If you have to go without gluten but want to maintain the texture of popular foods that contain this sticky protein, you are forced to use substitutes containing extra sugar, extra fat, hydroxypropyl methyl cellulose and xanthan gum, none of which are all that great from an overall health perspective, so opting for a gluten-free diet makes little sense.
Celiac disease is, of course, a different issue, and quite a serious one. People with it simply can't eat the gluten protein found in some grains. Though only one percent of people have celiac disease, almost 20 percent of Americans now claim to worry about gluten, and for that we can blame books like Grain Brain and Wheat Belly and entertainment programs -- especially those with carefully reconfigured signage, so as not to misrepresent what's actually being presented -- like The Dr. Oz Show.
Substituting for gluten if you don't need to seems like a bad idea for the health conscious, given the artificial and high-calorie additives needed to make food not seem like cardboard. But people do it anyway, and there's been some backlash from the public who regard it as a fad. The gluten issue has even driven couples apart, according to one commenter in the offices of the American Council of Science and Health.
Fortunately those people won't have to find a substitute for love any more.
For less than the price of a gluten-free latte, a new website is making it possible for those who share gluten-free values to mingle without anyone being all judgey about it. MyGlutenFreeDating.com is designed to reduce the social pressure people face if they don't want to be exposed to gluten and don't want to dine alone.

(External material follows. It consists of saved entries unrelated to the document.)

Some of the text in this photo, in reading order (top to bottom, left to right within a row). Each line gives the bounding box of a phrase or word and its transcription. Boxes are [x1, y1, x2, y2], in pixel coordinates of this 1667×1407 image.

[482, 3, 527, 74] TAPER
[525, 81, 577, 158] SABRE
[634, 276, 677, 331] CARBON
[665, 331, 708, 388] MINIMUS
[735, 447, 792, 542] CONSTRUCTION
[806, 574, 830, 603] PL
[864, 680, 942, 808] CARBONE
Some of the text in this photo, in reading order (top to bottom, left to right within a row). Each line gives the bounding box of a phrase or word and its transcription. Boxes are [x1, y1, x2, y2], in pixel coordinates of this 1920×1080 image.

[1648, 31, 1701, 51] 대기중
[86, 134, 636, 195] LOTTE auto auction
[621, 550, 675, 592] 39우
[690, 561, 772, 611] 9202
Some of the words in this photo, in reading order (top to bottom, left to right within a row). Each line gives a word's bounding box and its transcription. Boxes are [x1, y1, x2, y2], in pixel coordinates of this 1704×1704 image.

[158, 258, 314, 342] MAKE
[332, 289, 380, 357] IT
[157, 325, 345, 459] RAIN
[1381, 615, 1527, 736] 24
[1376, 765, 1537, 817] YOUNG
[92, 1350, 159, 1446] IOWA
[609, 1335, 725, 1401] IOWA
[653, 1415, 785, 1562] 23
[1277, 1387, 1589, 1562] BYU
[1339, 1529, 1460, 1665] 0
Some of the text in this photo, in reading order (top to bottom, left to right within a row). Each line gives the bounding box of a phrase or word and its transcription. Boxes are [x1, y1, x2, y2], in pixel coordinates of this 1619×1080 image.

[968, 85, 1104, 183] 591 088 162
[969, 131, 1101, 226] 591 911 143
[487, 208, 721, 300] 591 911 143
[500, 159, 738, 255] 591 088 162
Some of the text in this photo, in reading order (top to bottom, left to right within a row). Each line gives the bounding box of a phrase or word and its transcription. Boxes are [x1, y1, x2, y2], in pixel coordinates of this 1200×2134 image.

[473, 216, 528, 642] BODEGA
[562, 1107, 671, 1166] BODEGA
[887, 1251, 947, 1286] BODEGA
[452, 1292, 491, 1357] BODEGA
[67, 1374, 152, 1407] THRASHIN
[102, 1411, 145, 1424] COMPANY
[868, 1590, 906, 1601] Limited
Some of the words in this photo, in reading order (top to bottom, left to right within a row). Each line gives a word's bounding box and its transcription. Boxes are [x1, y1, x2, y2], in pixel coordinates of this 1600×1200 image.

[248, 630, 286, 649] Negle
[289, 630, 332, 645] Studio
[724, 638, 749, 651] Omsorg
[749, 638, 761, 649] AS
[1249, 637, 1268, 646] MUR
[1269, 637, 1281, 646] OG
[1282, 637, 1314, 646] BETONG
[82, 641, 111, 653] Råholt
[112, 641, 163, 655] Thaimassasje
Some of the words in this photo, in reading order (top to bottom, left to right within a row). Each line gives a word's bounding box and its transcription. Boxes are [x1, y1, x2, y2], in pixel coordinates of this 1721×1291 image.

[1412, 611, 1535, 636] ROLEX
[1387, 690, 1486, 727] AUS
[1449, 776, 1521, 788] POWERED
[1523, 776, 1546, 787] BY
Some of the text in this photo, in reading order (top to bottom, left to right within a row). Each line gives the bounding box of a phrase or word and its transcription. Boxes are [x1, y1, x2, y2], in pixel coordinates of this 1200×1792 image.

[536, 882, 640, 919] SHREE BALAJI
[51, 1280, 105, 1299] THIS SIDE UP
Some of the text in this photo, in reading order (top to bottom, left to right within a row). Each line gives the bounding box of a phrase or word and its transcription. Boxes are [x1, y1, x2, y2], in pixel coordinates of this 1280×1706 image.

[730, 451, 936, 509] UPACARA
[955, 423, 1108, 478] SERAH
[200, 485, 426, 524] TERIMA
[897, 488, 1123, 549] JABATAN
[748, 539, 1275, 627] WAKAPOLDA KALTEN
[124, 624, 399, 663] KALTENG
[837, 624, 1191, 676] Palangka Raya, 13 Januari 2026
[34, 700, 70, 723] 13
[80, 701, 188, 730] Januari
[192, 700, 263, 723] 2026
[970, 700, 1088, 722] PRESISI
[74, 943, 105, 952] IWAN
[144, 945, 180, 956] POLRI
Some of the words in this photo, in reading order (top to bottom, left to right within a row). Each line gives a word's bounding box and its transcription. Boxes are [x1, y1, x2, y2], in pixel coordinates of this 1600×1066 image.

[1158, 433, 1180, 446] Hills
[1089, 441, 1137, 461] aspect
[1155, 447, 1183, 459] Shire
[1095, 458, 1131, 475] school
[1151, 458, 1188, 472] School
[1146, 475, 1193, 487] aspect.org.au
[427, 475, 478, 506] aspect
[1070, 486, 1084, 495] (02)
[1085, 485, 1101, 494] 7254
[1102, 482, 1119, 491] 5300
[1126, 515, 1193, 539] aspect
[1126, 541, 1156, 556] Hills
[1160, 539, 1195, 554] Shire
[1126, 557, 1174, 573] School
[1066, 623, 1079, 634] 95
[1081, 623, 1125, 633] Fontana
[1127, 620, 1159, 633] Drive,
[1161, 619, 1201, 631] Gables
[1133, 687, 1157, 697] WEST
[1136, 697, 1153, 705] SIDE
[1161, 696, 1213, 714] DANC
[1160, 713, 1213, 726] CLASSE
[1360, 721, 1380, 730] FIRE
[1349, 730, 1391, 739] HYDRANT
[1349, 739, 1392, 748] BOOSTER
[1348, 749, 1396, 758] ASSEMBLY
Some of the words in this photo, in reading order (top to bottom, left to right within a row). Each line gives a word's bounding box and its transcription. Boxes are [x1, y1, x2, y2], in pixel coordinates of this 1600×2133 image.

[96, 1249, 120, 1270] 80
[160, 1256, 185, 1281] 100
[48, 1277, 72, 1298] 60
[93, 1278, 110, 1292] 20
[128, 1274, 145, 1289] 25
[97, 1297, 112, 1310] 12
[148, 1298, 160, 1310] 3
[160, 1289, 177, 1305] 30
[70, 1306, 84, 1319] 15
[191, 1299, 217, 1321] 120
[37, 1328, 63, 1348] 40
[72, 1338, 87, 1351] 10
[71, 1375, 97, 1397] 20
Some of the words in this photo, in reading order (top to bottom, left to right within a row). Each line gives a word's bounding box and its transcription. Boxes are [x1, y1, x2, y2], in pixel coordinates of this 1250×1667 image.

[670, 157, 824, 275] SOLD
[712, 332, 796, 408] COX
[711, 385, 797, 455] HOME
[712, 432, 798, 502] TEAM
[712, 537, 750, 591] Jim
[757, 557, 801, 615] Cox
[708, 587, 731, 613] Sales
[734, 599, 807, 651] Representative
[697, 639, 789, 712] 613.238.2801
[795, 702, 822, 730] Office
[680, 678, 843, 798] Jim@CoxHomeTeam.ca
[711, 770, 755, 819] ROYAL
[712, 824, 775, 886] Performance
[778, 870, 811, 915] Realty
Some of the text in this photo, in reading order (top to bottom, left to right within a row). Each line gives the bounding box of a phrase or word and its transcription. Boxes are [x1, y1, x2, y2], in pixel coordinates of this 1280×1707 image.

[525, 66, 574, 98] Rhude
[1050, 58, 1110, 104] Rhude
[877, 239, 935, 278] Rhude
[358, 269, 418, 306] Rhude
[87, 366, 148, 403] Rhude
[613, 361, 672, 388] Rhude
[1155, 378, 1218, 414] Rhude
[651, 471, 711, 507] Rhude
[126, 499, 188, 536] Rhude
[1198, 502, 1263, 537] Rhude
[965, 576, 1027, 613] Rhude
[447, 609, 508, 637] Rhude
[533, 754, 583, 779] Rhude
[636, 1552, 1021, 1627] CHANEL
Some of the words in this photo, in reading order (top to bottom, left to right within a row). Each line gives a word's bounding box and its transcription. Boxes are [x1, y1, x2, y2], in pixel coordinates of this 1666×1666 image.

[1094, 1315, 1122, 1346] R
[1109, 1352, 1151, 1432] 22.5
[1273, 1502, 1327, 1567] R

"Now, MyGlutenFreeDating.com is the perfect place where people can socialize and find dating partners or friends," said site founder Abel Macias in their press release, "who understand, share and support the same health views."
Since gluten sensitivity is undefined, and 75 percent of people who claim to be gluten sensitive had no actual physical reaction to gluten in a study (and in a different study 50 of 59 subjects who claimed to be gluten sensitive were as sensitive to a placebo), how will the site know if the suffering is real or just a way to date someone without getting tripped up juggling romance with followers of other diets on Match.com?
It's unclear, but when some people are paying 240 percent more for food, it's our guess that they won't mind paying a tiny fee for love.
This is a good first step. But we won't truly be a diverse, tolerant society until there's a dating site for people who labor with an intolerance for bones in their bananas.